There’s bad news this month for anti-pesticide activists who were hoping the Environmental Protection Agency would have their backs concerning unsafe chemicals. Thanks to a Republican-passed spending cut, the EPA will receive 9% less funding in the future, and President Obama’s proposed greenhouse gas cuts are going on the proverbial shelf as well. That’s $718 million cut from the current EPA budget.
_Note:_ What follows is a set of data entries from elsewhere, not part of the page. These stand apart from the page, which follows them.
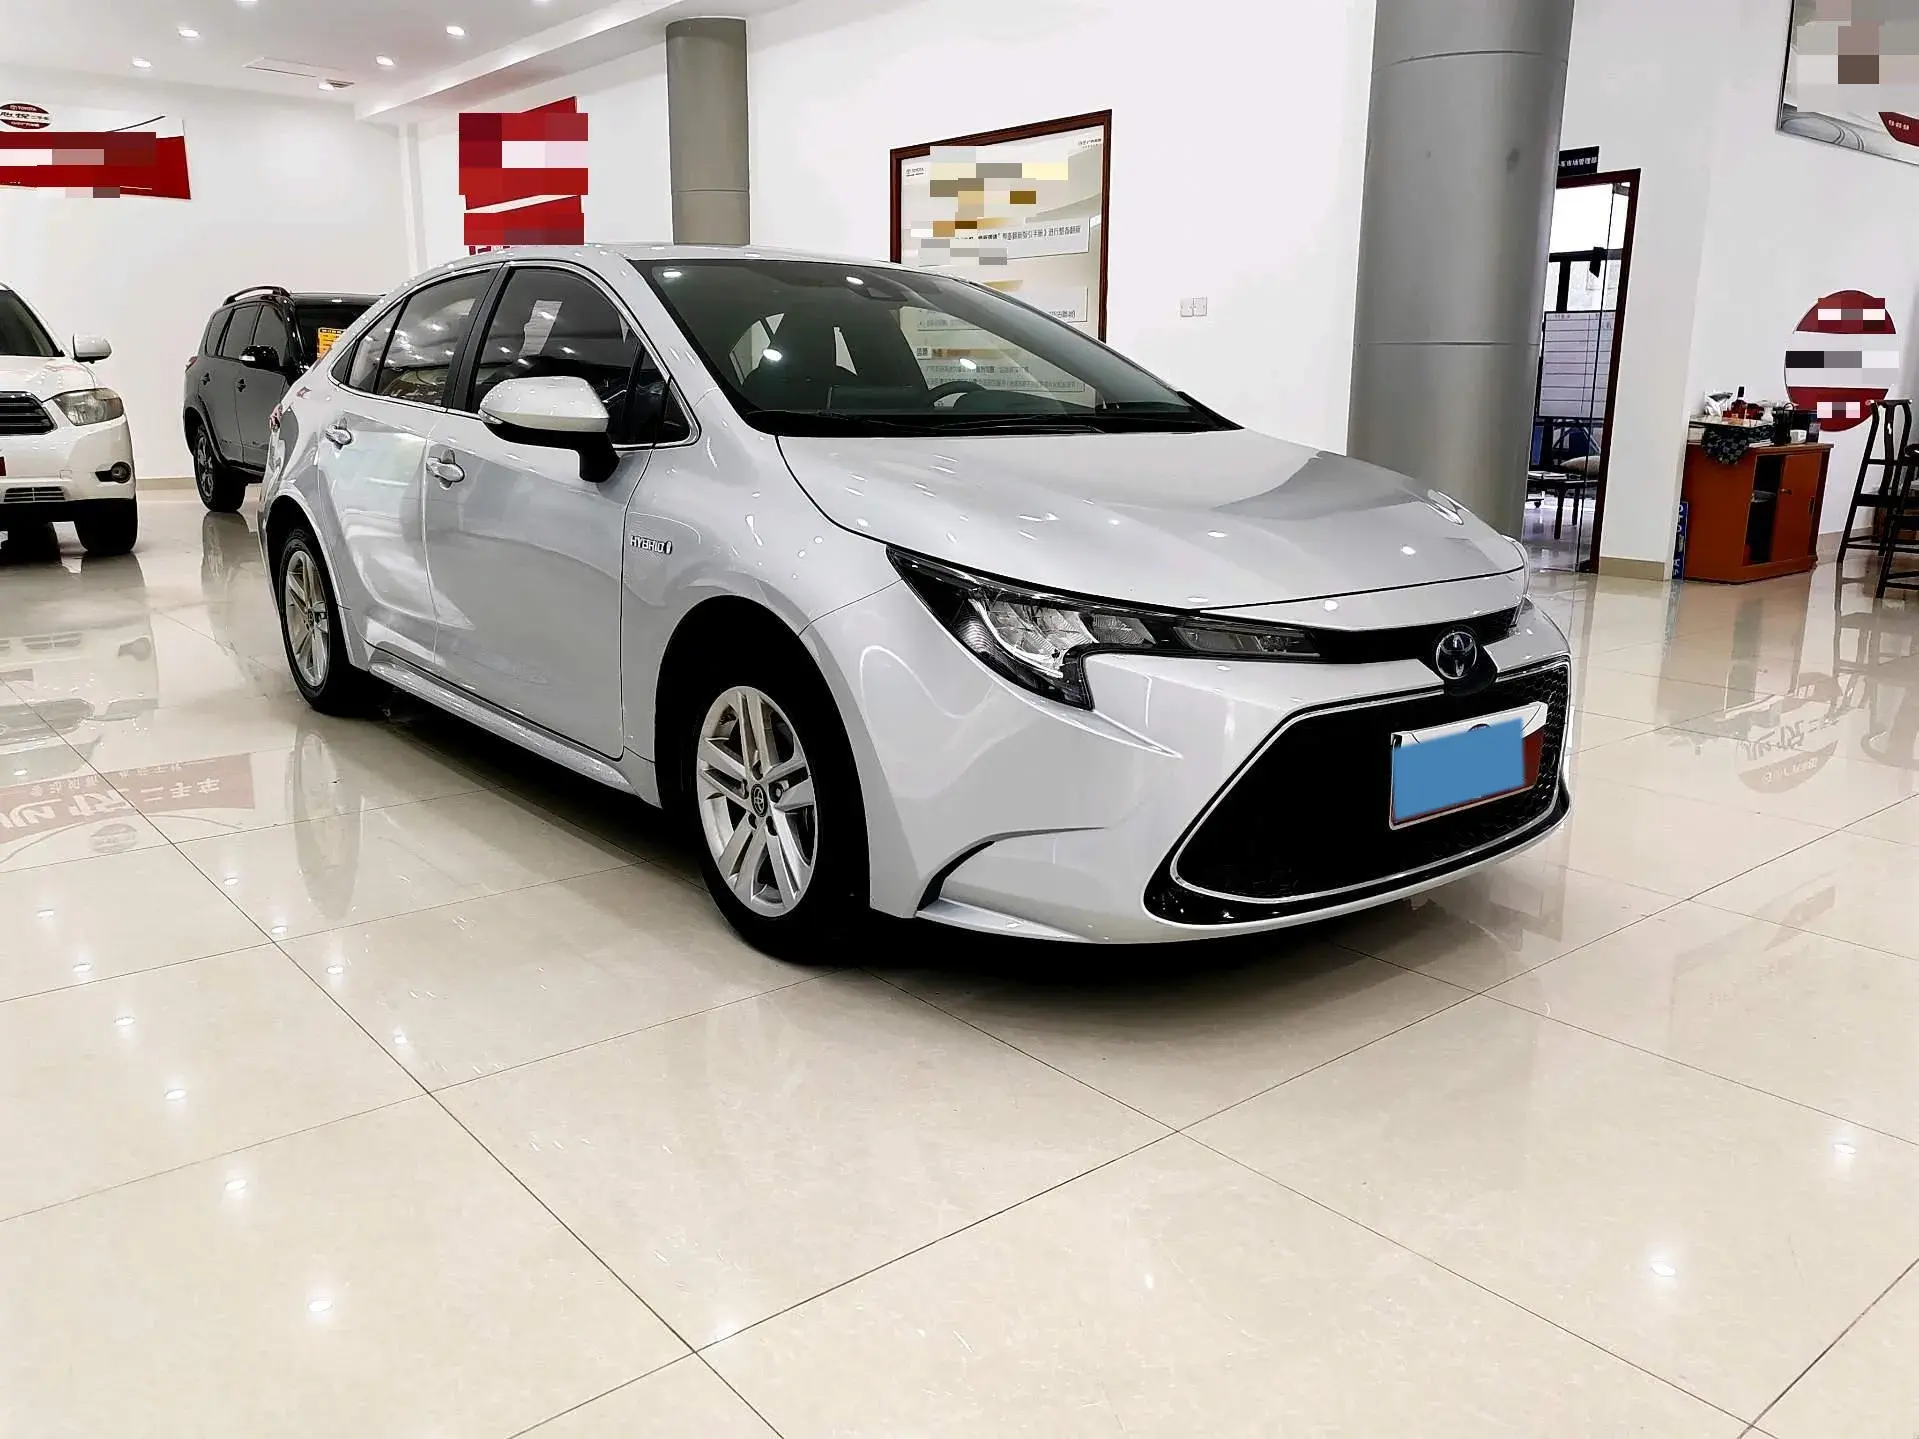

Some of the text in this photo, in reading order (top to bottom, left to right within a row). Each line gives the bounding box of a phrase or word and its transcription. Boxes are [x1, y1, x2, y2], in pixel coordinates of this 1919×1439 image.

[1559, 156, 1598, 167] 车市场管理部
[630, 535, 664, 553] HYBRID
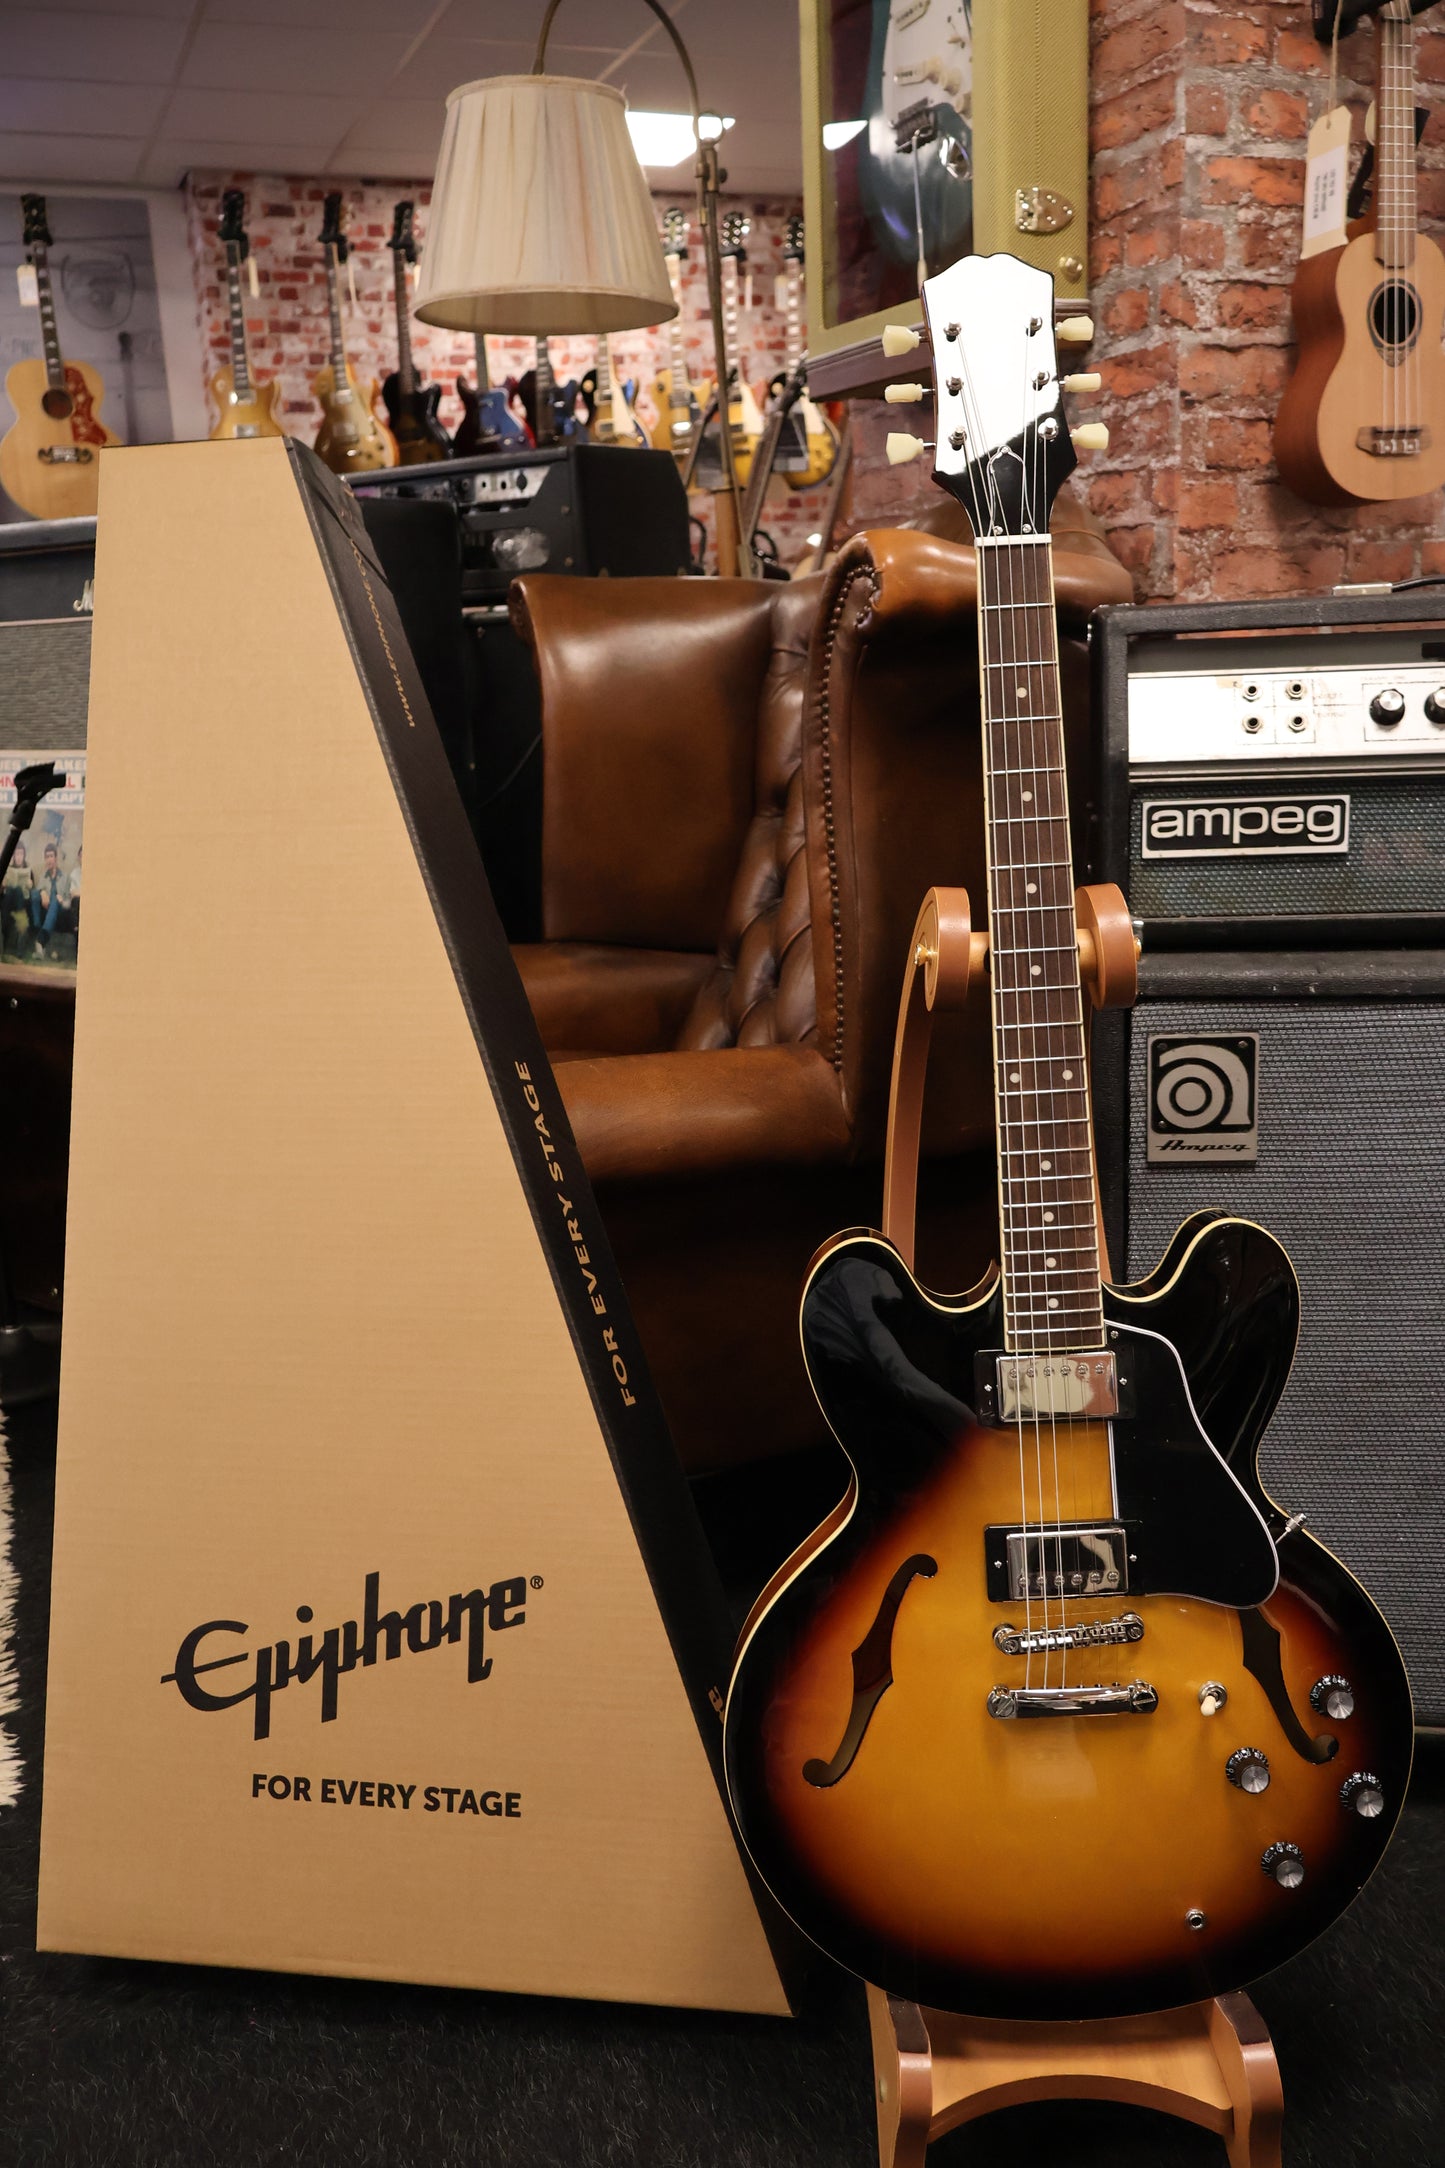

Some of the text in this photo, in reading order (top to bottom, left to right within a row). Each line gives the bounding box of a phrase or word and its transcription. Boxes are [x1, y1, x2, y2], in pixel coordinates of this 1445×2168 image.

[1149, 803, 1342, 844] ampeg
[1156, 1139, 1251, 1153] Ampeg
[514, 1060, 637, 1407] FOR EVERY STAGE
[251, 1773, 522, 1818] FOR EVERY STAGE
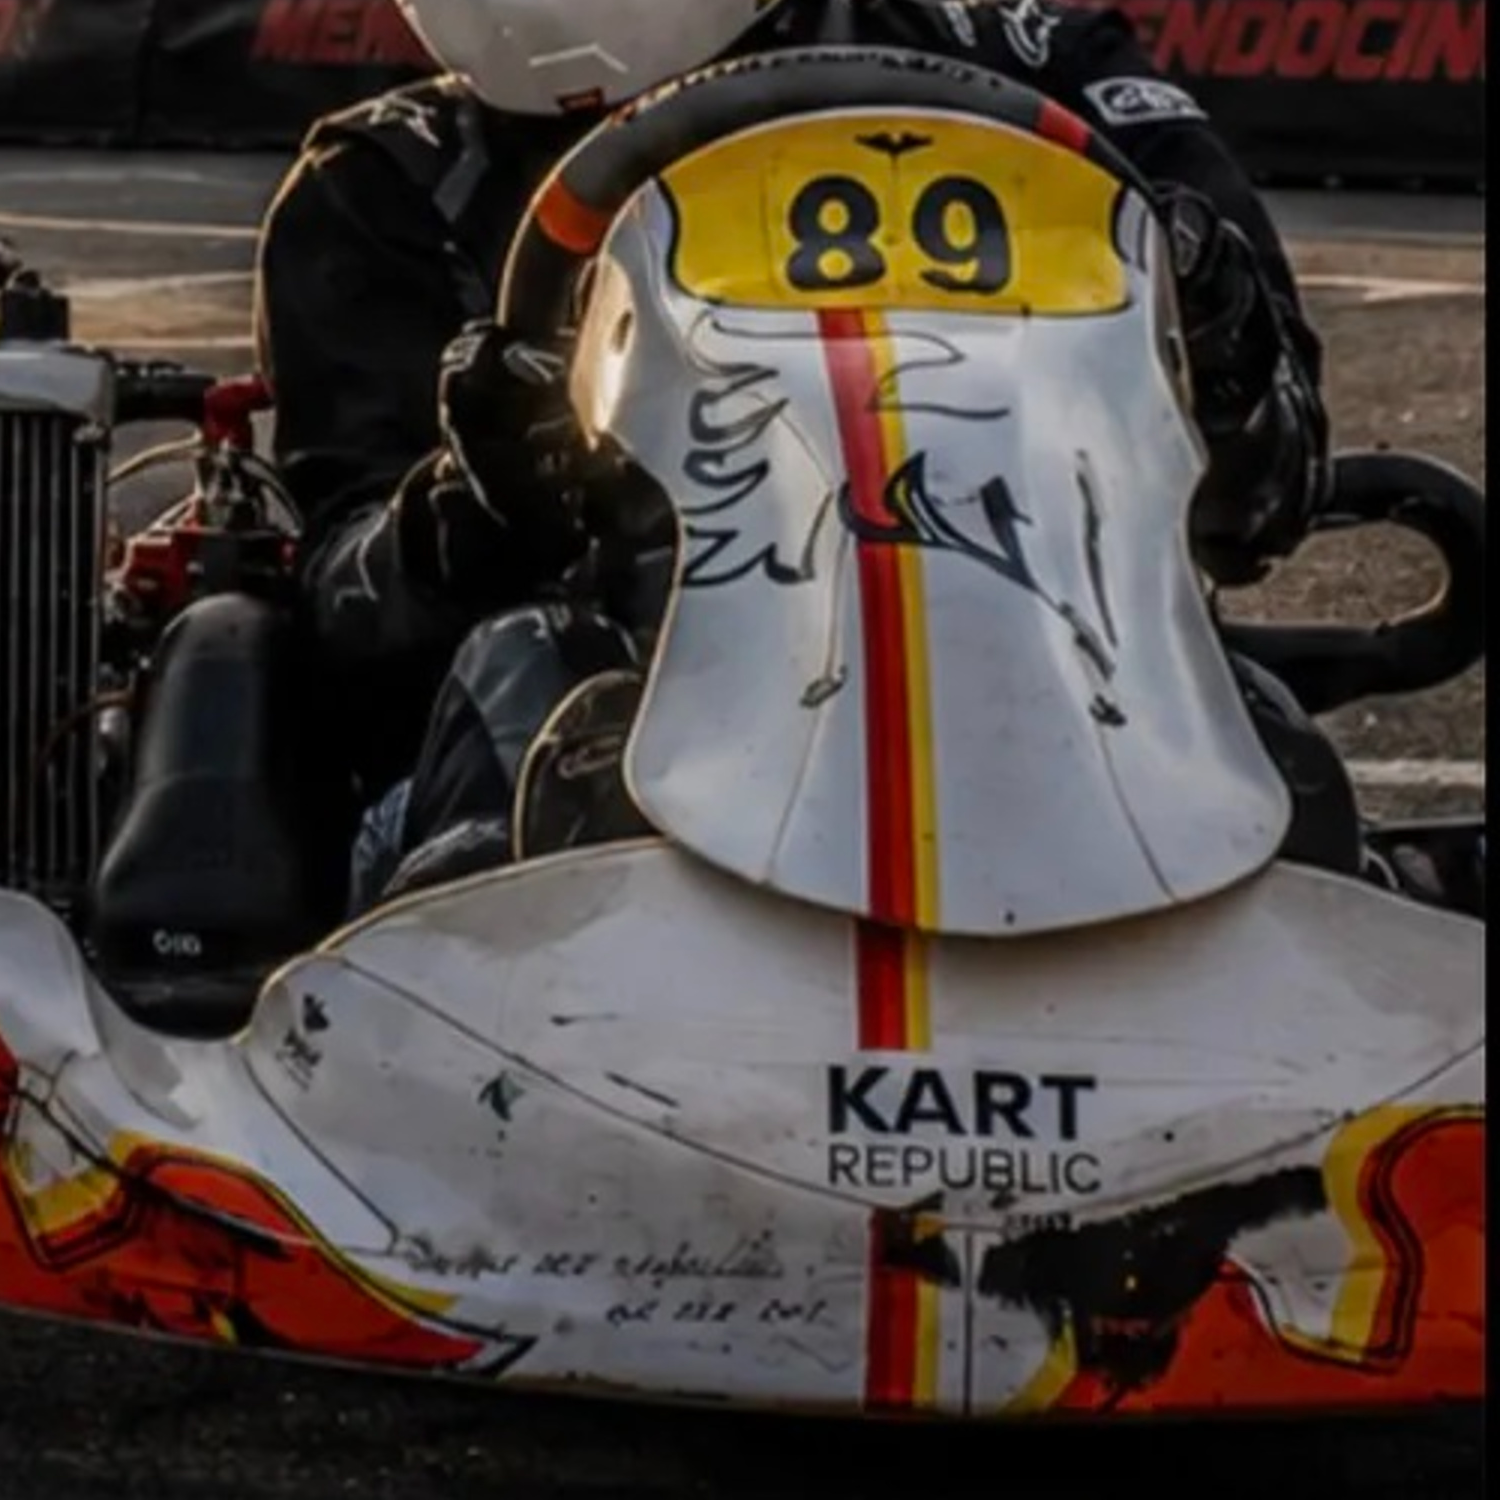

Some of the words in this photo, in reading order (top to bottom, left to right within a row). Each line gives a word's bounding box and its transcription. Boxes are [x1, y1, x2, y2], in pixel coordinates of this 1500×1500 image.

[785, 174, 1012, 293] 89
[827, 1065, 1097, 1141] KART
[827, 1142, 1102, 1195] REPUBLIC
For spokescat Tiny Timmy’s team of dedicated volunteers, worries are higher than ever that permethrins and other dangerous anti-flea and tick medications will continue to run rampant on the market. Despite repeated meetings with the EPA concerning the lethality of permethrin, the main ingredient in many pet medications, the team has been told that aside from the application of specific warning labels there is little the EPA can do to pull permethrins from store shelves.
In 2010, Timmy’s “primary staff members” met with representatives from the Environmental Protection Agency in Washington, DC, to further push the agenda for safer pet products.
One year after that meeting, the permethrin labelling regulations for anti-flea dog products were updated on the 29th of August, 2011 to the following:
“DO NOT USE ON CATS. May be toxic or potentially fatal if applied to or ingested by cats. Accidental application to cats and/or grooming a recently treated dog may result in tremors and/or uncoordinated muscle movements. If this occurs, immediate veterinary care should be provided.”
Unfortunately for concerned pet safety groups, permethrins are still highly sought-after as a mosquito repellent that is considered safe for adult humans and most dogs. For this reason, the EPA has little influence when it comes to pulling products like Bio Spot from shelves.
With that said, who should concerned consumer groups turn to now, with the already less-than-helpful EPA’s funding lower than ever?
The Federal Drug Administration could provide the help and support that pet safety activists are looking for. Via the FDA website, consumers can file complaints against pet products and arrange to send in product samples for testing. Here’s what the FDA has to say about the process:
“Your report to FDA is important. After you have reported the problem to FDA, we will determine what type of follow-up is necessary and whether your particular sample will be collected for analysis. Even if your particular sample is not tested, your report to FDA will help us in our investigation. You may have your treat tested by a private laboratory if you wish; however, it may be costly to have numerous tests conducted on your sample. Please note that FDA cannot cover your private laboratory testing costs. Please be assured that FDA continues to devote time, energy and resources at multiple levels of the agency to determine the root cause of the reported illnesses.”
Timmy, maybe it’s time for another meeting?